Ex-soldier charged with murder

A 51-year-old former soldier is expected to appear at Naas District Court this morning charged with the murder of Ms Phyllis …

A 51-year-old former soldier is expected to appear at Naas District Court this morning charged with the murder of Ms Phyllis Murphy who was raped and strangled in Co Kildare almost 20 years ago.

The man, who has recently been a factory worker, was arrested by detectives investigating the random killings of women in the Wicklow Mountains and eastern Midlands over the past 20 years.

He is married with a grown family and lives in Kildare. He was one of a large number of suspects questioned at the time about Ms Murphy's murder.

Ms Murphy (23) was abducted, raped and strangled shortly before Christmas 1979.

READ MORE

Her naked body was found partially hidden in pine forest at the bottom of the Wicklow Gap four weeks later.

It is understood gardai have retained samples taken from Ms Murphy's body and blood samples taken from some 300 men who were questioned at the time about her murder.

The arrest is the first breakthrough in a major Garda investigation which started last summer after Ms Deirdre Jacob, a 19-year-old student at home from university in England, was abducted from a country road near her home at Newbridge, Co Kildare, and disappeared. She is presumed murdered.

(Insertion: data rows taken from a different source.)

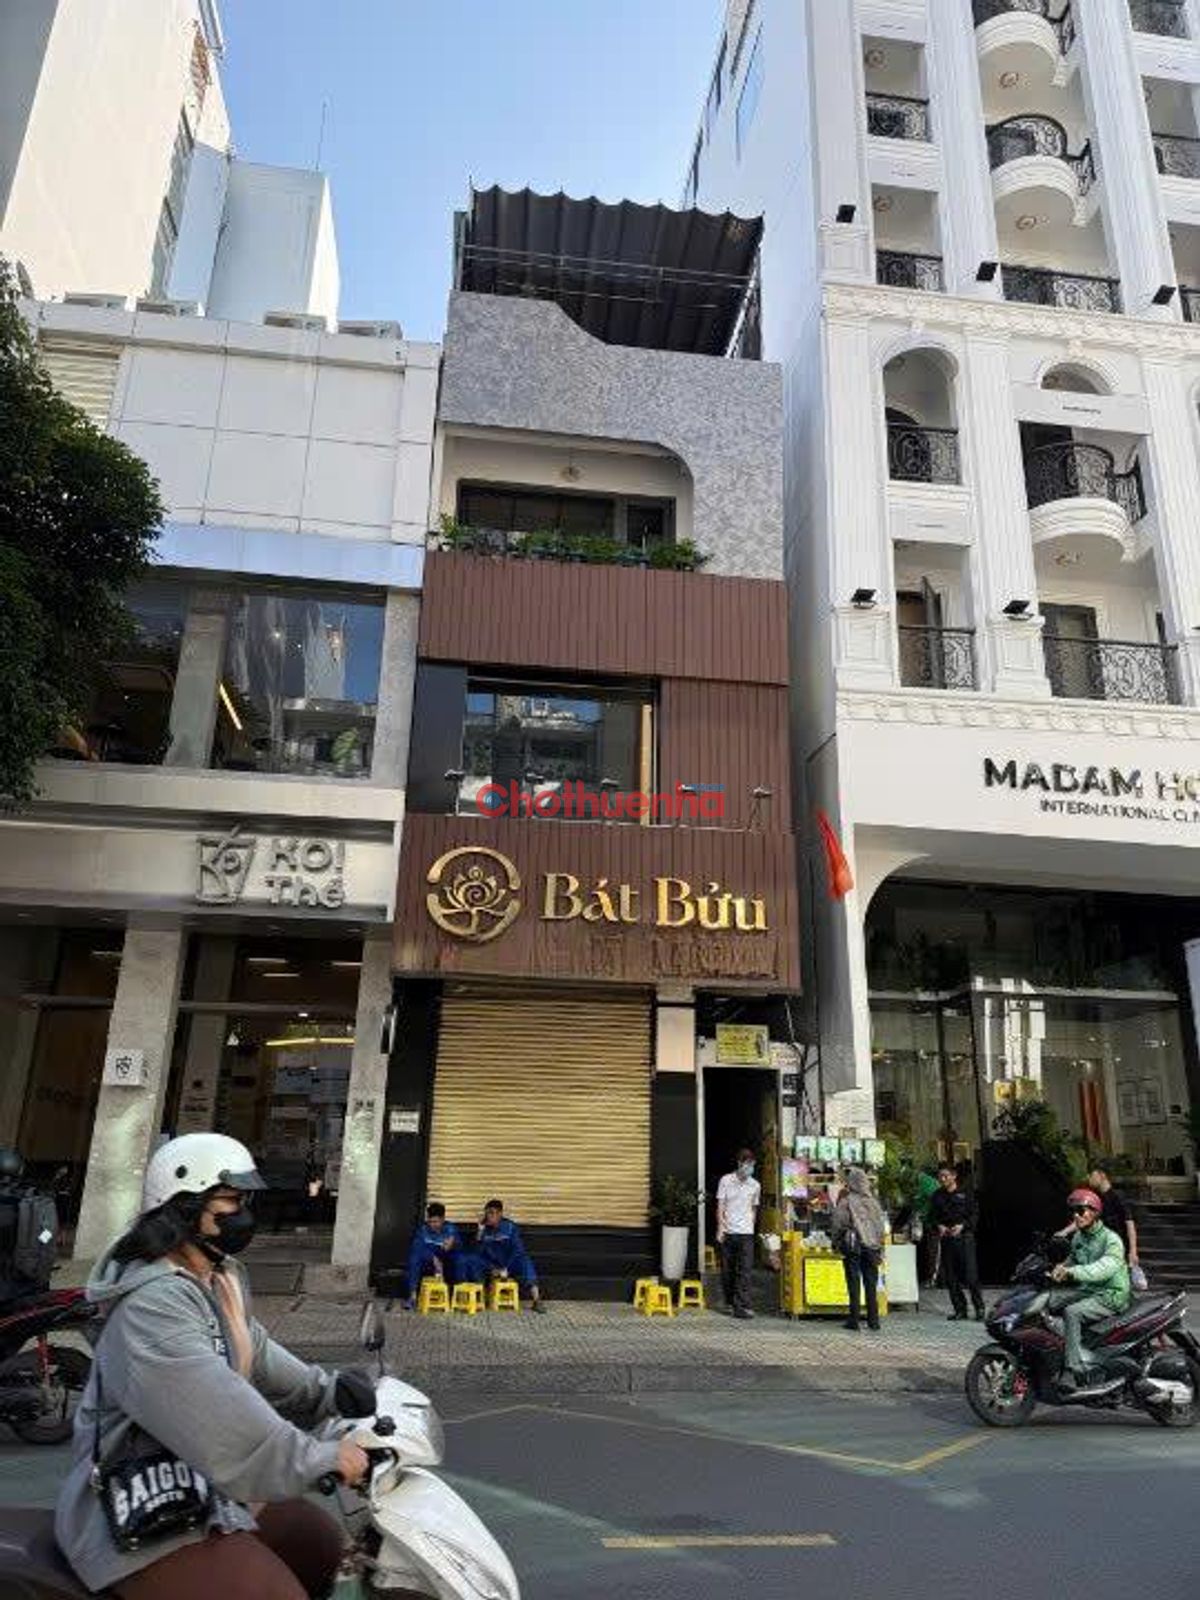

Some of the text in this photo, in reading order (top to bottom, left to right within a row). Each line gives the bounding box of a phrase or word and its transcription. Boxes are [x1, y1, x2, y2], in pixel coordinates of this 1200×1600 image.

[985, 757, 1143, 799] MADAM
[1040, 799, 1170, 821] INTERNATIONAL
[540, 873, 770, 931] Bát Bửu
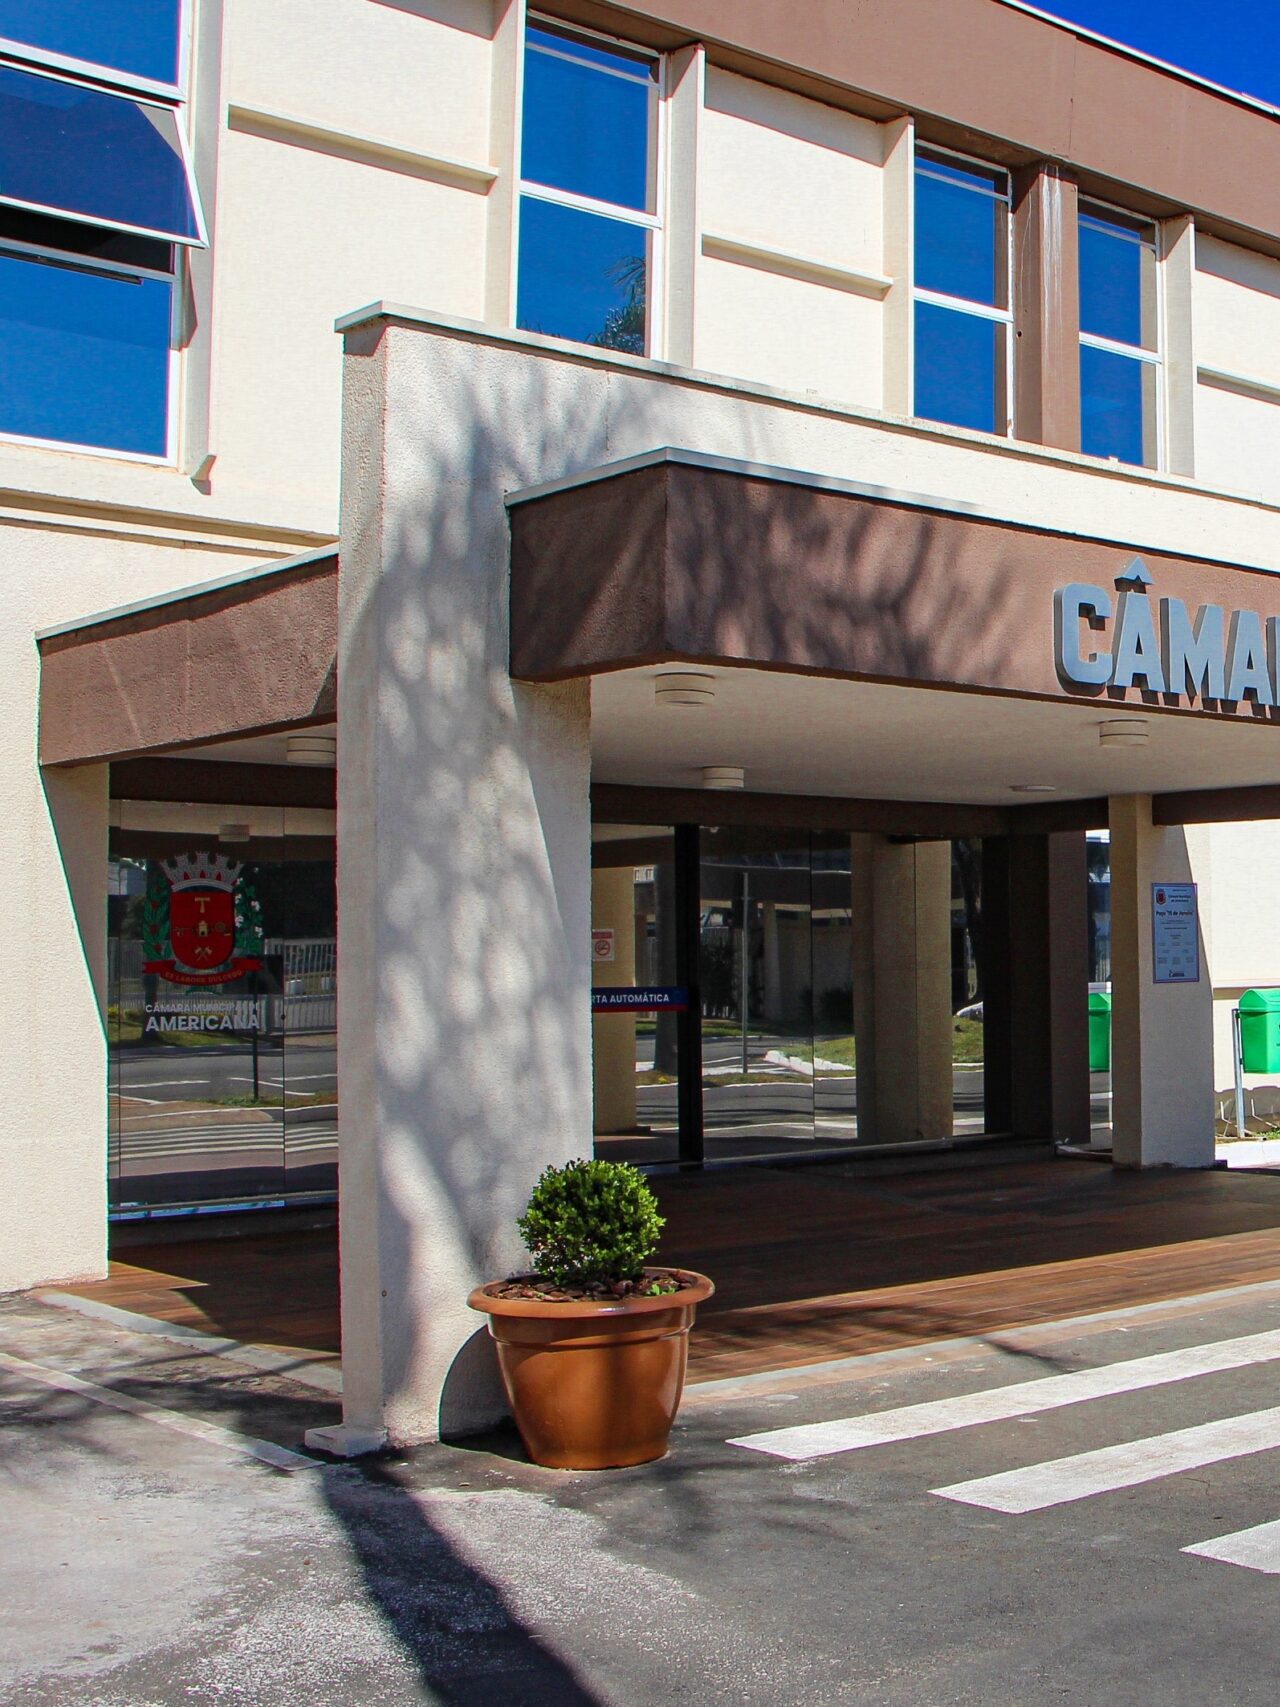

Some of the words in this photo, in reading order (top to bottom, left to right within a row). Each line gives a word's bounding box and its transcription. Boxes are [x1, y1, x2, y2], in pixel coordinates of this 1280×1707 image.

[591, 995, 608, 1004] RTA
[610, 992, 670, 1003] AUTOMÁTICA
[145, 1002, 191, 1013] CÂMARA
[145, 1015, 260, 1032] AMERICANA

Since the Garda Commissioner, Mr Pat Byrne, last year ordered the reinvestigation of a number of cases where women disappeared in the east midlands and Wicklow areas, the case of Ms Murphy has become central to the investigation, mainly because of the forensic evidence available.

Blood samples taken at the time were sent last year for DNA analysis at a laboratory in England. It is understood that about 20 samples were sent for testing. Several weeks ago one showed a match with a sample of semen taken from Ms Murphy's body.

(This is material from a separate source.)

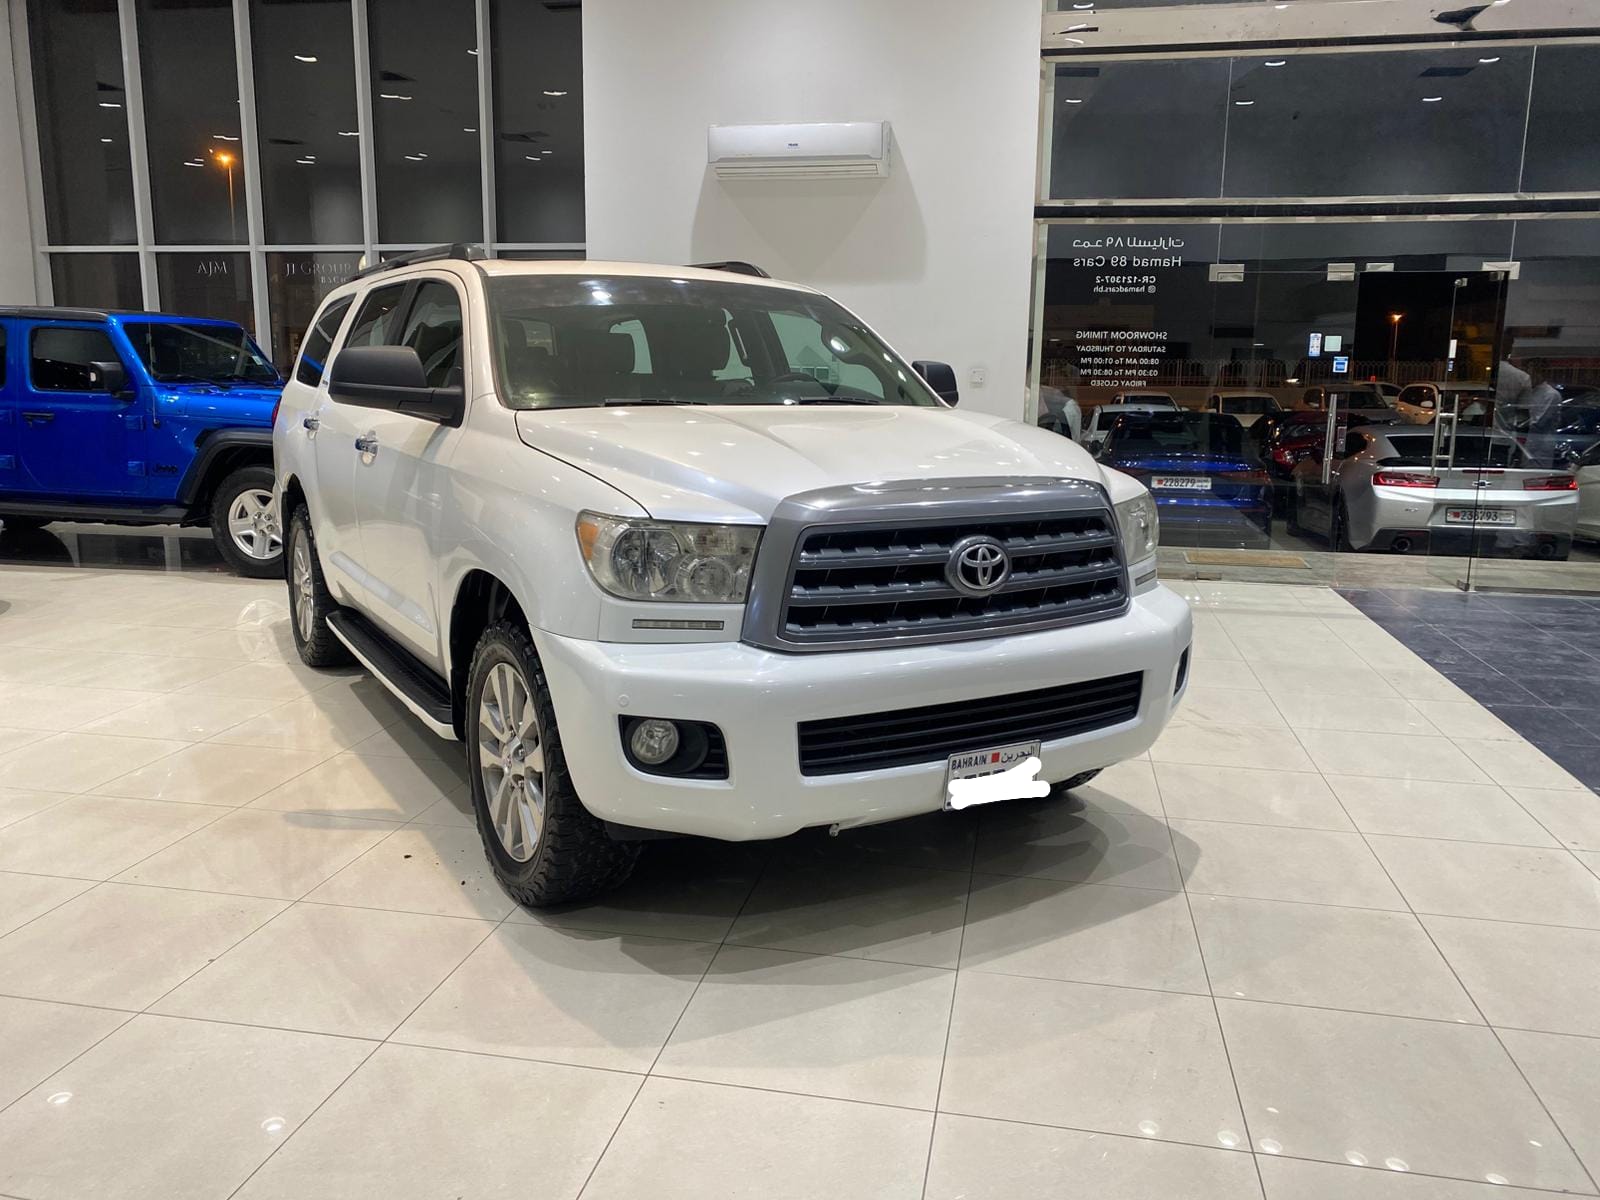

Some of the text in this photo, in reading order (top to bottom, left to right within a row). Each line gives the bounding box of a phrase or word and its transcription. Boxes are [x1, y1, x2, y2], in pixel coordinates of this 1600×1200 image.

[197, 261, 228, 277] AJM
[300, 262, 352, 276] GROUP
[1163, 477, 1196, 488] 228279
[951, 754, 988, 770] BAHRAIN

As a result the former soldier and another man, also a retired soldier who had provided an alibi for his movements at the time of Ms Murphy's disappearance, were arrested in Kildare yesterday morning.

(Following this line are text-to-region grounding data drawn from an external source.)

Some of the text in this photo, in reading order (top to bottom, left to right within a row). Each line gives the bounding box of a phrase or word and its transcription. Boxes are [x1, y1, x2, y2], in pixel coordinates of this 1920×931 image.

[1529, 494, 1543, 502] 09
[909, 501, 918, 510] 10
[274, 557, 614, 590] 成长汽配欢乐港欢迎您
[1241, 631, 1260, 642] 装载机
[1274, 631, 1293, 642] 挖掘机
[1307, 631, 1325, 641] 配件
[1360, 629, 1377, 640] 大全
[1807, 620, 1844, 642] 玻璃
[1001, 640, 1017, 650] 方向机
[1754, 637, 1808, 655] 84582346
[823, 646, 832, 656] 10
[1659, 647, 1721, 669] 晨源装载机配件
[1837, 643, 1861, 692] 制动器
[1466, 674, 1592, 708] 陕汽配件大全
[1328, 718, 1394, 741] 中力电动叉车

Both were arrested under Section 4 of the 1989 Criminal Justice Act which allows for a person's detention for questioning for a total of 12 hours. Yesterday evening, the Director of Public Prosecutions gave a direction that one man be charged with murdering Ms Murphy.

The man who was questioned about Ms Murphy's murder served in the Army from 1966 to 1979, when he retired and began work as a security guard. He retired at the rank of sergeant.

Ms Murphy was on her way home to Kildare with Christmas presents for her family when she disappeared. She was last seen waiting for a bus near the Keadeen Hotel outside Newbridge.

It is believed she was given a lift by a man who then attacked her at Galligan's Cut in the Curragh, killed her and dumped her body almost 20 miles away in the Wicklow Gap.